-- Data extracts follows --
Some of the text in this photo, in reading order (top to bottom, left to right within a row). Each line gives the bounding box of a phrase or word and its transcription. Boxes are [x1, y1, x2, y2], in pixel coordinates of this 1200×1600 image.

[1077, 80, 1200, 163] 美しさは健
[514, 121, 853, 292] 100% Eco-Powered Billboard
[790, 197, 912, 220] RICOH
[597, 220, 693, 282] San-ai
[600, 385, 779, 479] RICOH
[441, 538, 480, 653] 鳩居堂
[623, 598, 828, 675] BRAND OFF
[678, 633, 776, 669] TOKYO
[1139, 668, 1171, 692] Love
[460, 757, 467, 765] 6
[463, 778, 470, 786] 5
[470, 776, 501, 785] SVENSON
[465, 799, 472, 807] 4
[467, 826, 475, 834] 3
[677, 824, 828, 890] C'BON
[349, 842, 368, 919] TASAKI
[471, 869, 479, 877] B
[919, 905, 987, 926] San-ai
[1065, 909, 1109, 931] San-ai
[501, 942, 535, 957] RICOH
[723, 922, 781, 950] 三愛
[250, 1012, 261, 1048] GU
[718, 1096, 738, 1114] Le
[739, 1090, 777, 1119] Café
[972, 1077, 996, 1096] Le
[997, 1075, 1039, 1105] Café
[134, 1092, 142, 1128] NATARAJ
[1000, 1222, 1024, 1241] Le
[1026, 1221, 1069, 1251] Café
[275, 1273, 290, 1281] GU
-- Data extracts concluded --
== Exercise goal ==
Nothing may be omitted; retype every record exactly.

== Response to this exercise ==
Some of the text in this photo, in reading order (top to bottom, left to right within a row). Each line gives the bounding box of a phrase or word and its transcription. Boxes are [x1, y1, x2, y2], in pixel coordinates of this 1200×1600 image.

[1077, 80, 1200, 163] 美しさは健
[514, 121, 853, 292] 100% Eco-Powered Billboard
[790, 197, 912, 220] RICOH
[597, 220, 693, 282] San-ai
[600, 385, 779, 479] RICOH
[441, 538, 480, 653] 鳩居堂
[623, 598, 828, 675] BRAND OFF
[678, 633, 776, 669] TOKYO
[1139, 668, 1171, 692] Love
[460, 757, 467, 765] 6
[463, 778, 470, 786] 5
[470, 776, 501, 785] SVENSON
[465, 799, 472, 807] 4
[467, 826, 475, 834] 3
[677, 824, 828, 890] C'BON
[349, 842, 368, 919] TASAKI
[471, 869, 479, 877] B
[919, 905, 987, 926] San-ai
[1065, 909, 1109, 931] San-ai
[501, 942, 535, 957] RICOH
[723, 922, 781, 950] 三愛
[250, 1012, 261, 1048] GU
[718, 1096, 738, 1114] Le
[739, 1090, 777, 1119] Café
[972, 1077, 996, 1096] Le
[997, 1075, 1039, 1105] Café
[134, 1092, 142, 1128] NATARAJ
[1000, 1222, 1024, 1241] Le
[1026, 1221, 1069, 1251] Café
[275, 1273, 290, 1281] GU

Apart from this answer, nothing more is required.